Oxytocin, the hormone that causes the uterus to contract during labour and after delivery, is transferred from a mother’s blood to her milk as soon as she starts to breast feed. Oxytocin released during this skin-to-skin contact enables newborns and mothers to learn each other’s special scent. It has come to be known as the cuddle hormone, or love hormone, because it is released when people—not just mothers and babies—snuggle up, make love, or simply bond socially. Oxytocin is produced by the hypothalamus and released by the pituitary gland when we’re physically affectionate, producing feelings of connection, bonding, and trust.

As healing arts practitioners in a pandemic that places widespread restrictions on expressions of physical affection, we began to wonder whether, and how, we humans can release oxytocin when we are virtually affectionate. Since 2007 the World Health Organization has been recommending the use of mothers’ milk over formula because of its proven positive effects on babies’ short-term and long-term physical health. There is more recent evidence that oxytocin is necessary for babies’ social development, but this is not what first grabbed our attention as climate activists. Rather, we were calling for support for breastfeeding because use of infant and toddler formulas exacerbates environmental damage.

“Human milk is not skimmed, processed, pasteurized, homogenized, packaged, stored, transported, repackaged, dried, reconstituted, sterilized or wasted. More important to many people nowadays, it is not genetically modified (GM). It requires no fuel for heating, no refrigeration, and is always ready to serve at the right temperature. In short, it is the most environmentally friendly food available.” (Francis and Mulford 2000)

https://www.gifa.org/wp-content/uploads/2015/01/FormulaForDisaster.pdf

But oxytocin’s vital part in reducing our carbon footprints in every sphere of life has yet to warrant a mention in global commitments to breastfeeding. Oxytocin does not appear in a study by Dr. Natalie Shenker’s team at Imperial College London that shows that breastfeeding for six months saves an estimated 95-153 kg CO2 equivalents per baby compared with formula feeding. In the UK alone, carbon emission savings gained by every mother breastfeeding would equate to taking between 50,000 and 77,500 cars off the road each year.

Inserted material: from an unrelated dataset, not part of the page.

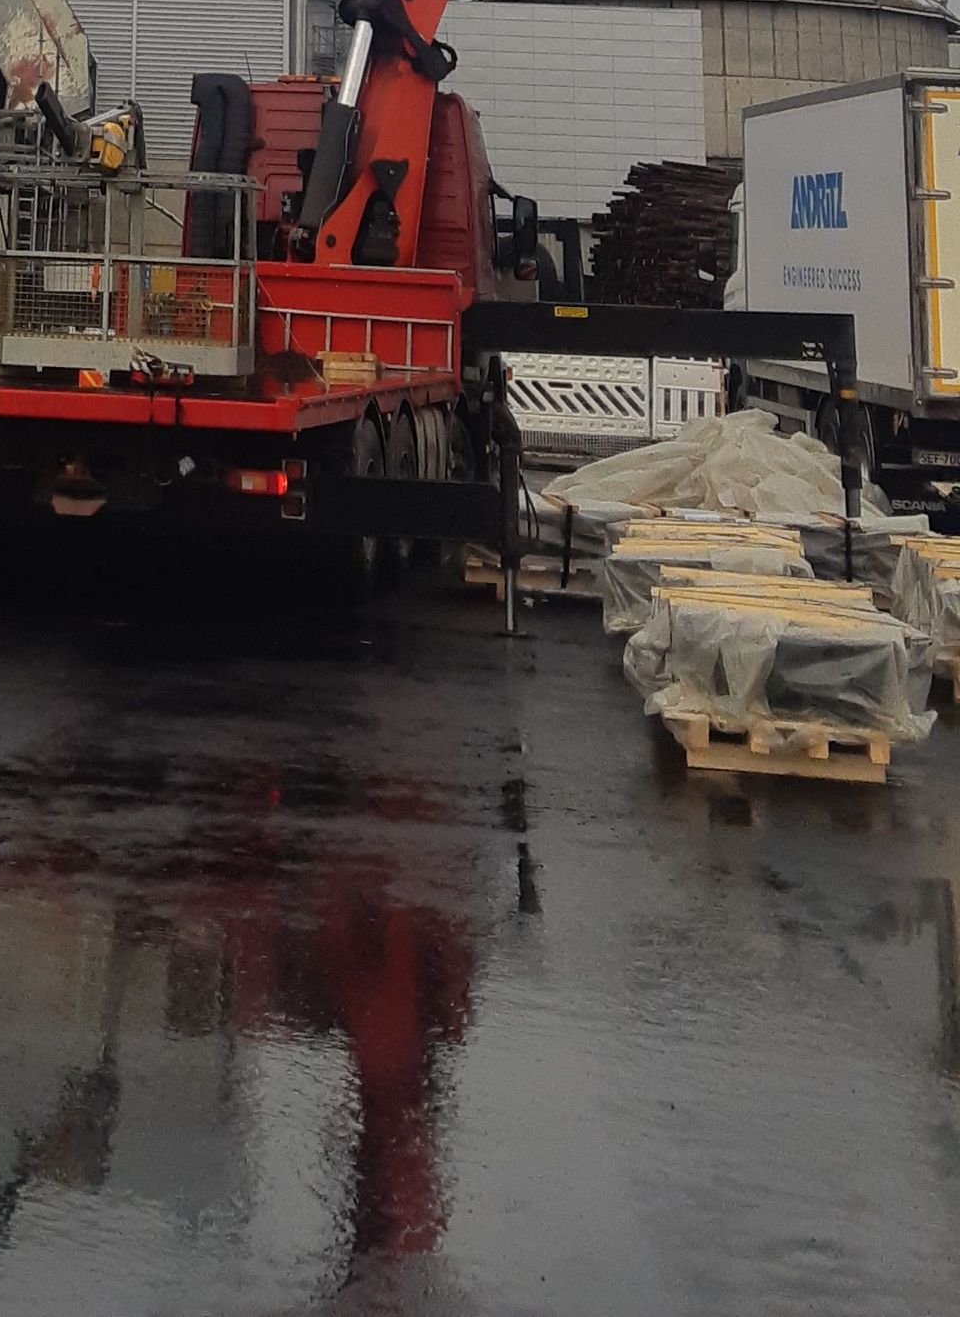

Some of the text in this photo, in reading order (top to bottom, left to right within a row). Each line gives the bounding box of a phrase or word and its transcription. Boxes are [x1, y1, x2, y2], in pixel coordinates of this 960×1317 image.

https://www.imperial.ac.uk/news/193226/environmental-cost-formula-milk-needs-global/

All research begins with a hunch—and in our case with a cuddle since we often wake up with Aha! moments. We had this hunch that the cuddles we first experienced at our mother’s breast could still hold us in good stead when we come to address issues that are now preoccupying many of us as adults—our global climate emergency. In 2019 in Toronto, we participated in the Climate Tour with Buffy Sainte-Marie, Stephen Lewis and David Suzuki—a veritable climate activists’ rock concert. The audience rose as one when Buffy pronounced that “we’re all in this together” and invited us to sing along with her 1971 hit song “Carry it On.”

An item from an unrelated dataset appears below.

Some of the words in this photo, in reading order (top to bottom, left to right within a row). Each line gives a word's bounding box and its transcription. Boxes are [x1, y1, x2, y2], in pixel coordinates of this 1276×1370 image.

https://youtu.be/qa9uornvo_g

But we didn’t immediately connect Buffy Sainte-Marie’s climate activism to her groundbreaking decision in 1977 to breastfeed her baby Cody on Sesame Street. Her action at once normalized nursing a baby as natural and healthy for millions of parents and their children who religiously tuned into Sesame Street on their TVs.

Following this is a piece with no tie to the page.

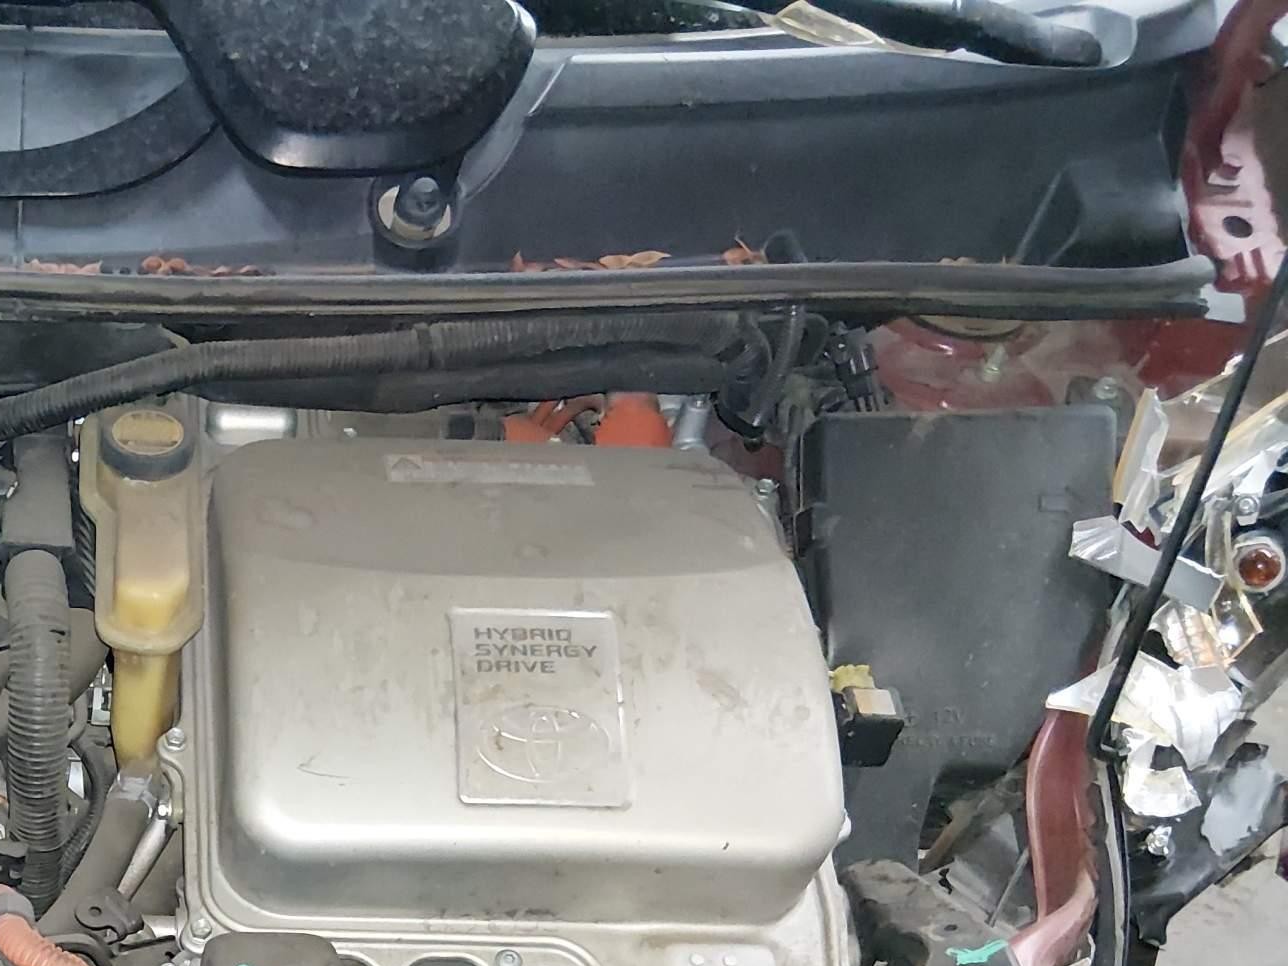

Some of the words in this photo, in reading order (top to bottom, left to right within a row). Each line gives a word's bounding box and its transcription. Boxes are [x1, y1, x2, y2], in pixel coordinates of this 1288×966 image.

Big Bird: “What’cha doing, Buffy?”

Buffy: “I’m feeding the baby. See? He’s drinking milk from my breast.”

Big Bird: “Hmmm. That’s a funny way to feed a baby.”

Buffy: “Well, lots of mothers feed their babies this way.… and he likes it because it’s nice and warm and sweet and natural and it’s good for him.… And I get to hug him when I do it too.”

Big Bird: “You know, that’s nice.”

https://www.youtube.com/watch?v=l2RwZW2j3-U

Buffy wasn’t just normalizing breastfeeding; she was also normalizing the cuddle as a natural accompaniment to nursing a baby. When we watched it on YouTube, we got to wondering how that cuddle itself elevates oxytocin levels in the mother. And how might the love hormone translate more widely into strengthening social bonds and united action?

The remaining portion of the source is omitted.